Populasi harimau Sumatra (Panthera tigris sumatrae) di provinsi Jambi semakin terancam oleh perburuan dan konflik dengan masyarakat. Pada tanggal 13 Mei 2014 tim patroli Penyelamatan Harimau Sumatra Kerinci Seblat (PHKS) menemukan seekor harimau terjerat di daerah Sungai Asam, Kecamatan Limbur Lubuk Mengkuang, Kabupaten Bungo, Jambi. Lokasi penemuan harimau berjarak 500 meter dari kawasan Taman Nasional Kerinci Seblat (TNKS) dan berdekatan dengan perkebunan sawit milik PT. PKA (Pidar Kerinci Agung). “Kondisi harimau masih hidup dan agresif. Diperkirakan harimau baru satu hari terperangkap” jelas Dian Risdianto, Field Manager PHSKS. Menurut Dian timnya telah melakukan patroli di kawasan ini selama 5 hari. Selama 5 hari patroli tim telah berhasil menemukan 11 jerat, 2 diantaranya diperkirakan telah berhasil menjerat harimau dan 3 jerat yang masih aktif.

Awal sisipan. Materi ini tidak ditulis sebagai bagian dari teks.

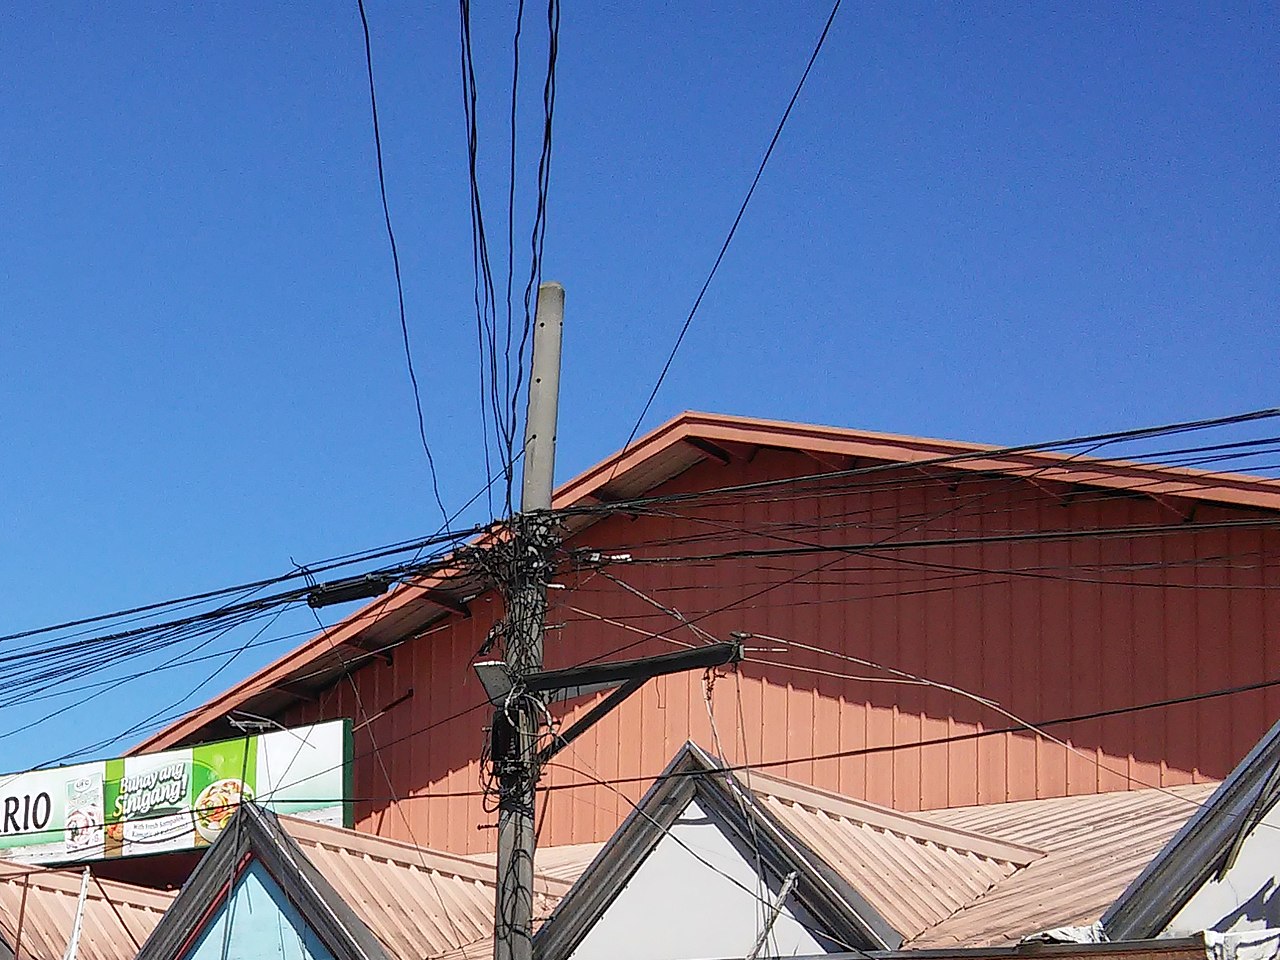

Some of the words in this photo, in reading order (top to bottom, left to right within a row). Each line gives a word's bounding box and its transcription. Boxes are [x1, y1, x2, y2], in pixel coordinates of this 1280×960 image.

“Pada tanggal 14 Mei kami sudah mengirimkan 1 tim patroli dan tim rescue. Tim patroli berangkat lebih dulu untuk membantu mengamankan harimau dari pemburu dan disusul oleh tim rescue yang akan bertugas melepaskan harimau dari jerat” jelas Risdianto. Ia juga masih menunggu perkembangan terbaru dari tim rescue mengenai keadaan harimau yang terjerat itu. “Jika luka akibat jerat tidak parah dan dapat sembuh tanpa perawatan khusus dari manusia maka harimau akan langsung dilepasliarkan” kata Risdianto.
Sementara itu pada tanggal 11 Mei 2014 seorang warga desa Embacang Gedang, kecamatan Tabir, Kabupaten Tebo tewas diterkam harimau. Warga desa Embacang Gedang yang bernama Hanafis ini tewas diterkam harimau ketika tengah menyadap karet di kebun miliknya yang ditempuh sekitar dua jam perjalanan dari rumahnya. Pihak Balai Konservasi Sumber Daya Alam (BKSDA) Jambi bersama dengan pihak kepolisian segera turun ke lokasi kejadian untuk mencari dan memindahkan harimau yang telah menewaskan manusia itu dari pemukiman warga. Hal ini dilakukan untuk mencegah serangan harimau terhadap manusia terjadi lagi serta meminimalisir kemungkinan harimau terbunuh oleh warga yang marah akibat tewasnya Hanafis.
Menurut Risdianto meningkatnya frekuensi harimau keluar dari kawasan hutan dan mendekati perkebunan masyarakat dikarenakan satwa buruannya lebih banyak tersedia di kawasan tersebut. Faktor utama yang menyebabkan satwa buruan harimau keluar dari kawasan hutan adalah karena tidak adanya ketersediaan pakan dalam hutan. Penyebab utama berkurangnya jumlah pakan dalam hutan adalah semakin berkurangnya luasan hutan akibat beralihfungsinya kawasan hutan menjadi perkebunan dan pemukiman. Kondisi inilah yang membuat harimau semakin sering mendekati perkebunan dan pemukiman sehingga kemungkinan konflik dengan manusia dan resiko tertangkap pemburu semakin besar.
Risdianto juga mengatakan bahwa spesies kucing besar seperti harimau cenderung lebih mudah berkembang biak jika dibandingkan dengan spesies satwa seperti gajah atau badak. Harimau dapat cepat berkembang biak jika di kawasan tersebut tersedia satwa buruan yang banyak. Dengan masa kehamilan sekitar 3,5 bulan harimau betina biasanya melahirkan 2 hingga 4 ekor anak dalam satu kali kelahiran. Dalam kondisi normal seekor harimau betina akan melahirkan anak setiap 2 hingga 2,5 tahun sekali. Jika anak harimau mati induknya dapat memiliki anak kembali hanya dalam kurun waktu 5 bulan setelah anaknya mati. Anak harimau akan berpisah dari induknya dan hidup mandiri ketika berumur 2 hingga 2,5 tahun.